Data excerpts:
+===+

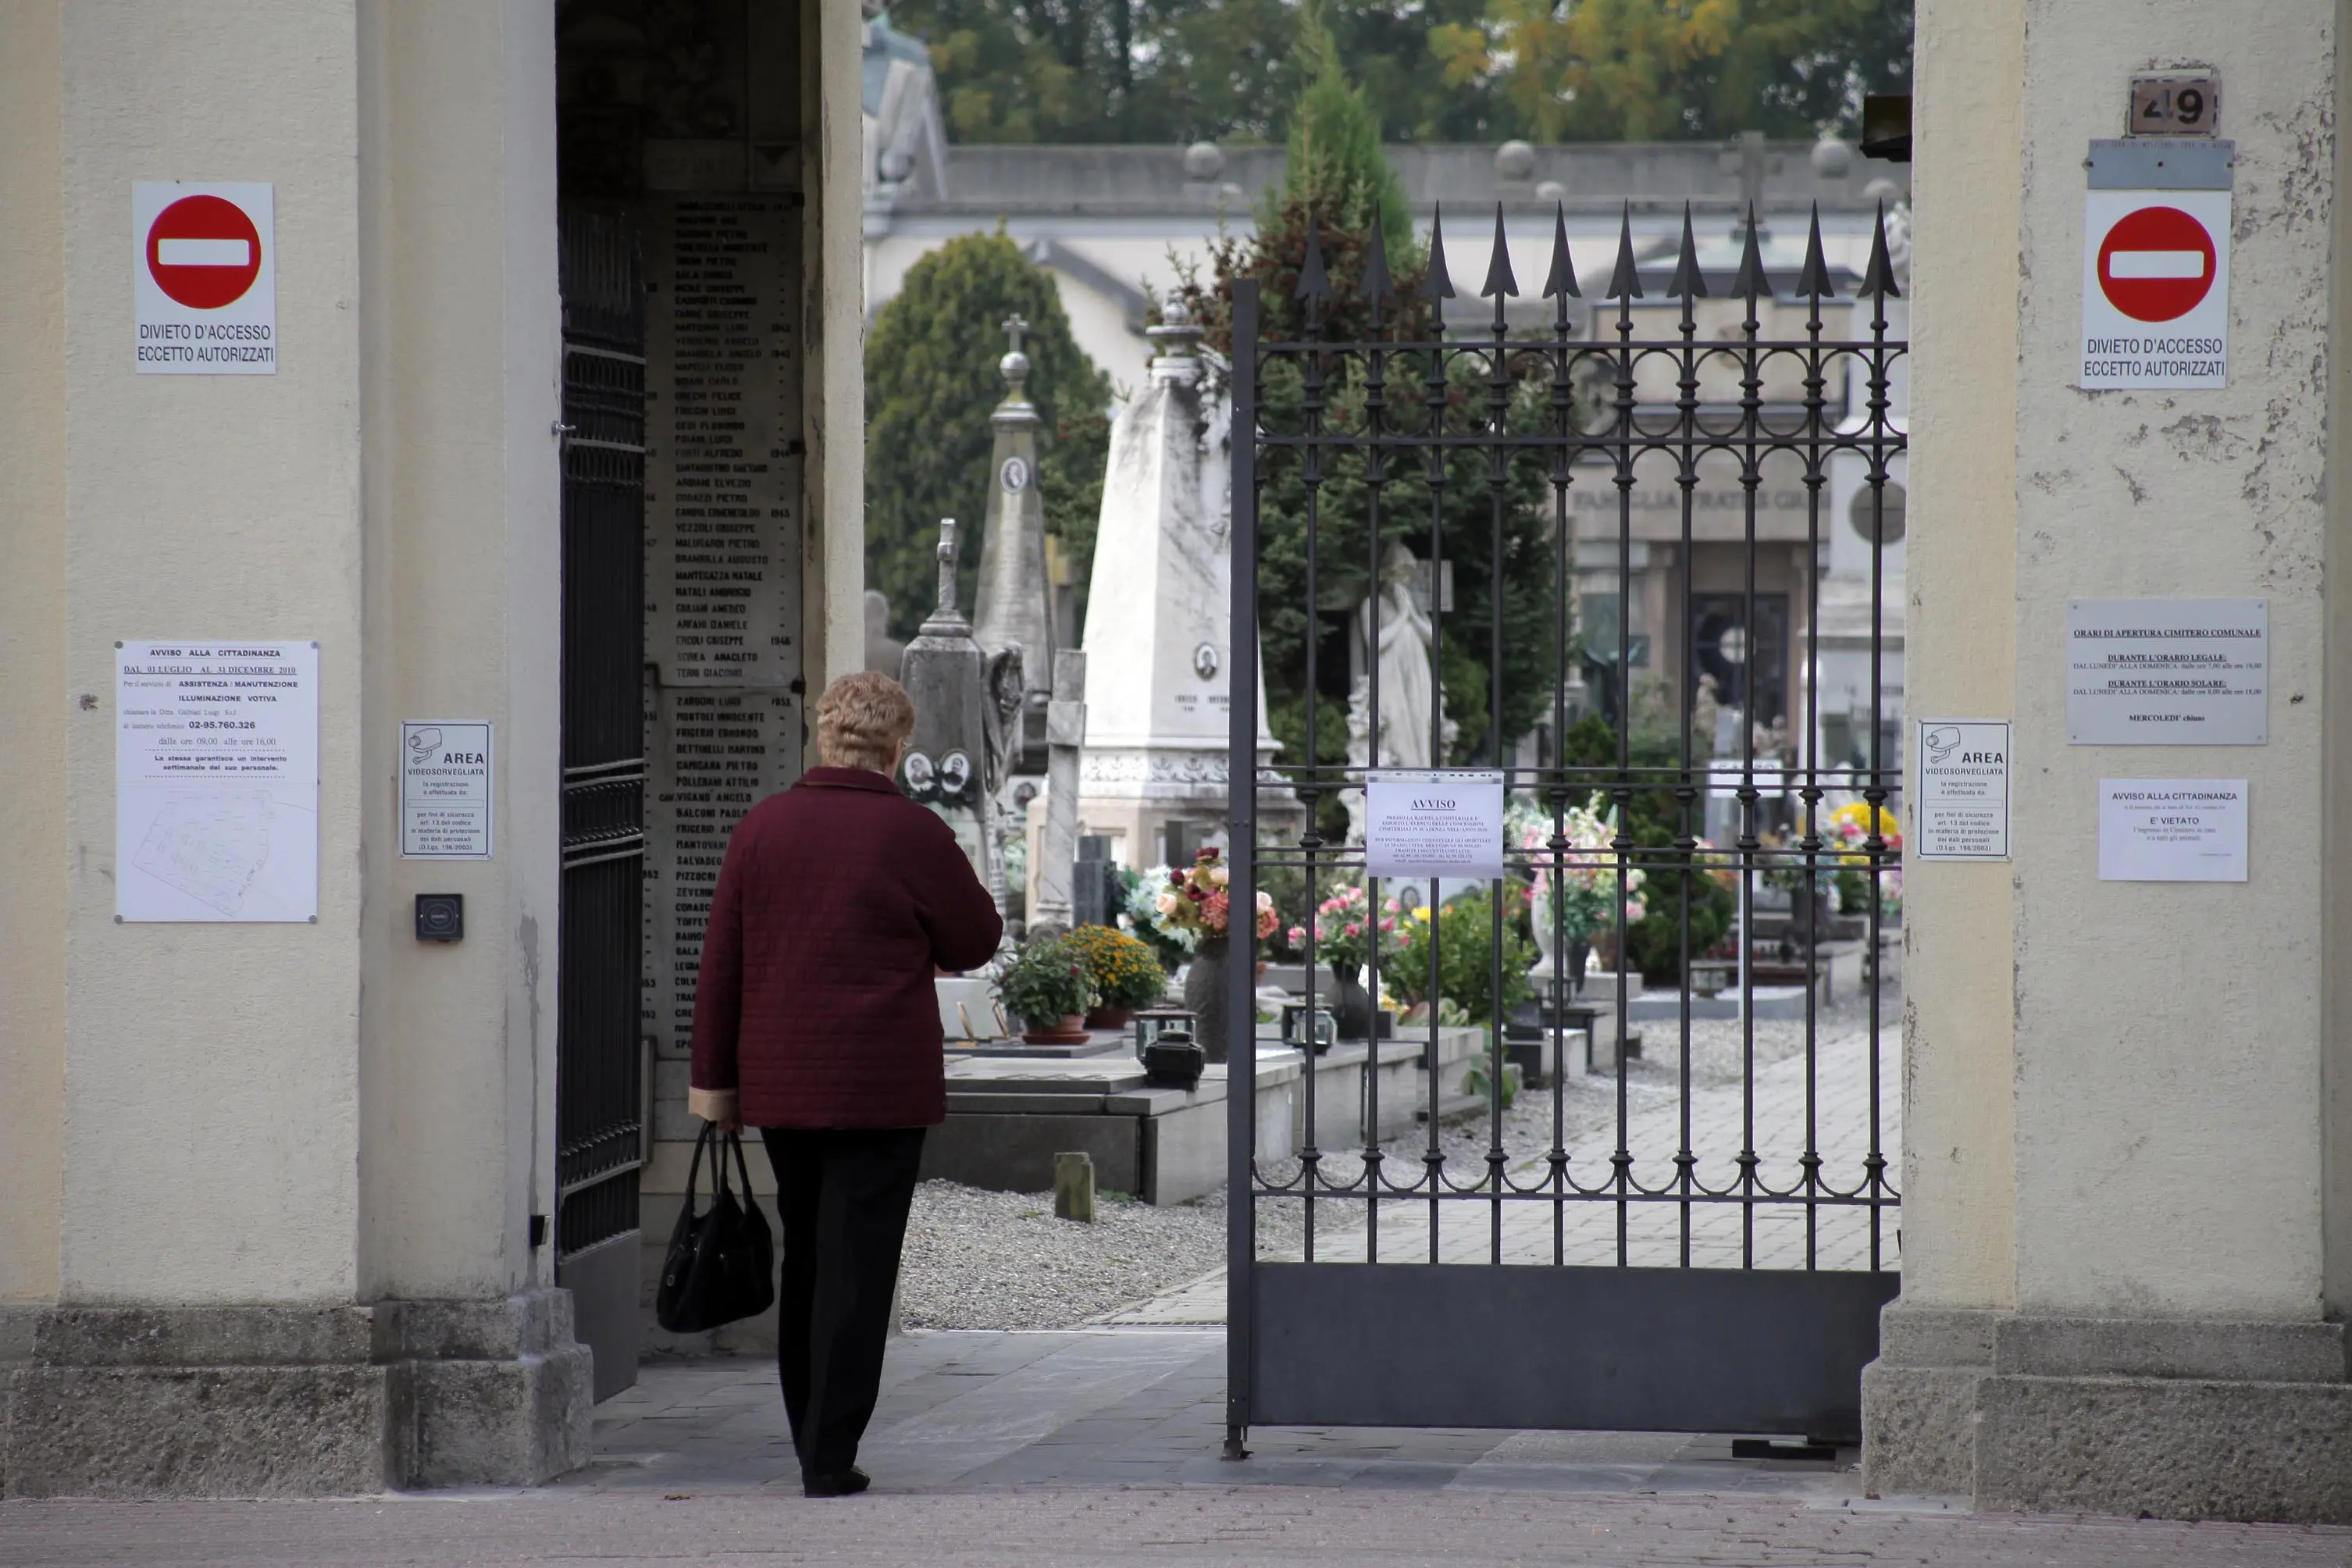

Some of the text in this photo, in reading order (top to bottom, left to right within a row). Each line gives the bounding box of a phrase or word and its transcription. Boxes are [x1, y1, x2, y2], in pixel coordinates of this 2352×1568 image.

[140, 324, 271, 340] DIVIETO D'ACCESSO
[2087, 338, 2222, 354] DIVIETO D'ACCESSO
[137, 347, 273, 362] ECCETTO AUTORIZZATI
[2084, 361, 2225, 376] ECCETTO AUTORIZZATI
[2108, 654, 2227, 662] DURANTE L'ORARIO LEGALE:
[2108, 679, 2227, 688] DURANTE L'ORARIO SOLARE:
[188, 721, 256, 729] 02-95.760.326
[675, 728, 715, 738] FRIGERIO
[159, 737, 176, 746] dalle
[180, 737, 193, 746] ore
[223, 737, 237, 746] alle
[241, 737, 254, 746] ore
[676, 743, 765, 754] BETTINELLI MARTINO
[443, 753, 484, 764] AREA
[1962, 752, 2004, 764] AREA
[725, 777, 760, 787] ATTILIO
[716, 793, 752, 803] ANGELO
[1410, 799, 1456, 809] AVVISO
[675, 808, 715, 818] BALCONI
[675, 825, 715, 834] FRIGERIO
[675, 871, 716, 882] PIZZOCRI
[675, 947, 700, 956] SALA
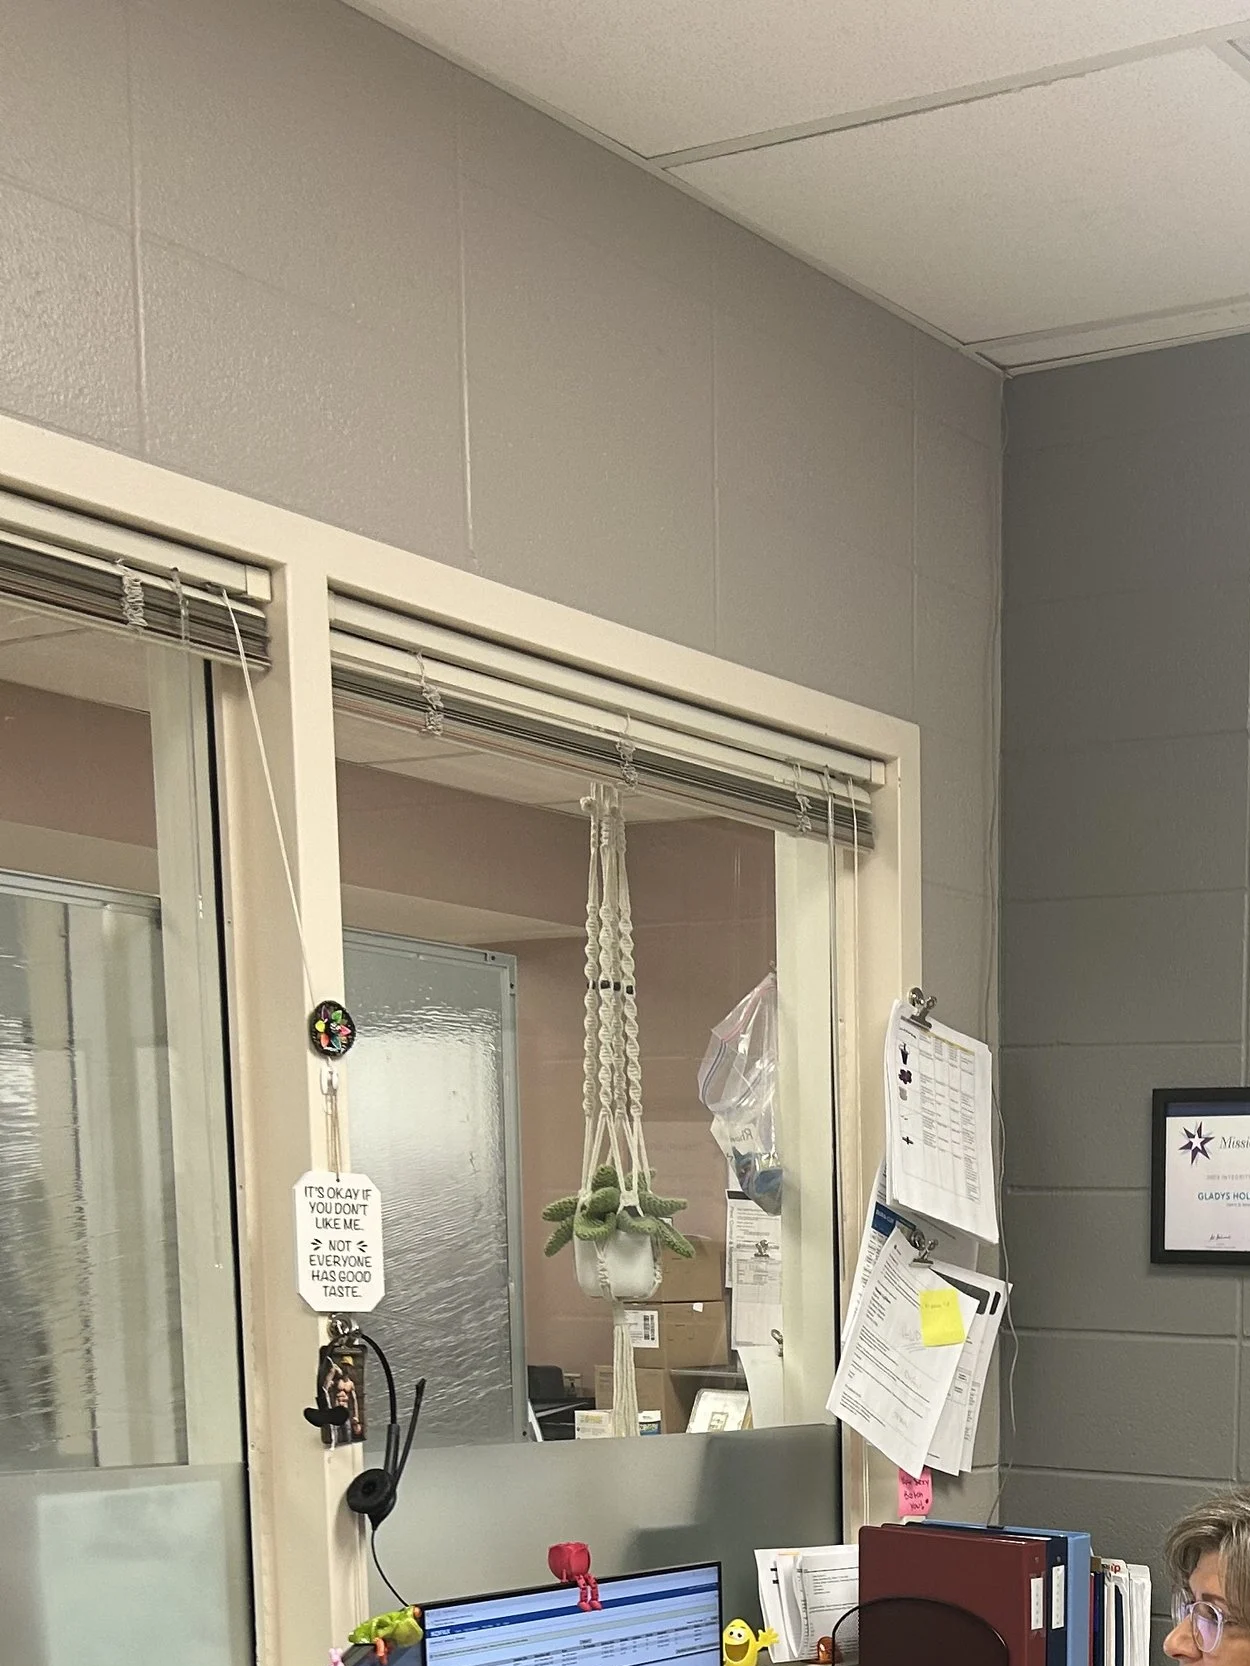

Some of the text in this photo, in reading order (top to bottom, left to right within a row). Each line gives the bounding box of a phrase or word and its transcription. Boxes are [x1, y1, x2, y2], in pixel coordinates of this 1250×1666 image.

+===+

Assignment:
For each entry above, write it out again exactly but leave out any picture.

Response below:
Some of the text in this photo, in reading order (top to bottom, left to right within a row). Each line gives the bounding box of a phrase or word and its transcription. Boxes are [x1, y1, x2, y2], in pixel coordinates of this 2352×1568 image.

[140, 324, 271, 340] DIVIETO D'ACCESSO
[2087, 338, 2222, 354] DIVIETO D'ACCESSO
[137, 347, 273, 362] ECCETTO AUTORIZZATI
[2084, 361, 2225, 376] ECCETTO AUTORIZZATI
[2108, 654, 2227, 662] DURANTE L'ORARIO LEGALE:
[2108, 679, 2227, 688] DURANTE L'ORARIO SOLARE:
[188, 721, 256, 729] 02-95.760.326
[675, 728, 715, 738] FRIGERIO
[159, 737, 176, 746] dalle
[180, 737, 193, 746] ore
[223, 737, 237, 746] alle
[241, 737, 254, 746] ore
[676, 743, 765, 754] BETTINELLI MARTINO
[443, 753, 484, 764] AREA
[1962, 752, 2004, 764] AREA
[725, 777, 760, 787] ATTILIO
[716, 793, 752, 803] ANGELO
[1410, 799, 1456, 809] AVVISO
[675, 808, 715, 818] BALCONI
[675, 825, 715, 834] FRIGERIO
[675, 871, 716, 882] PIZZOCRI
[675, 947, 700, 956] SALA

Some of the text in this photo, in reading order (top to bottom, left to right within a row). Each line gives the bounding box of a phrase or word and its transcription. Boxes are [x1, y1, x2, y2], in pixel coordinates of this 1250×1666 image.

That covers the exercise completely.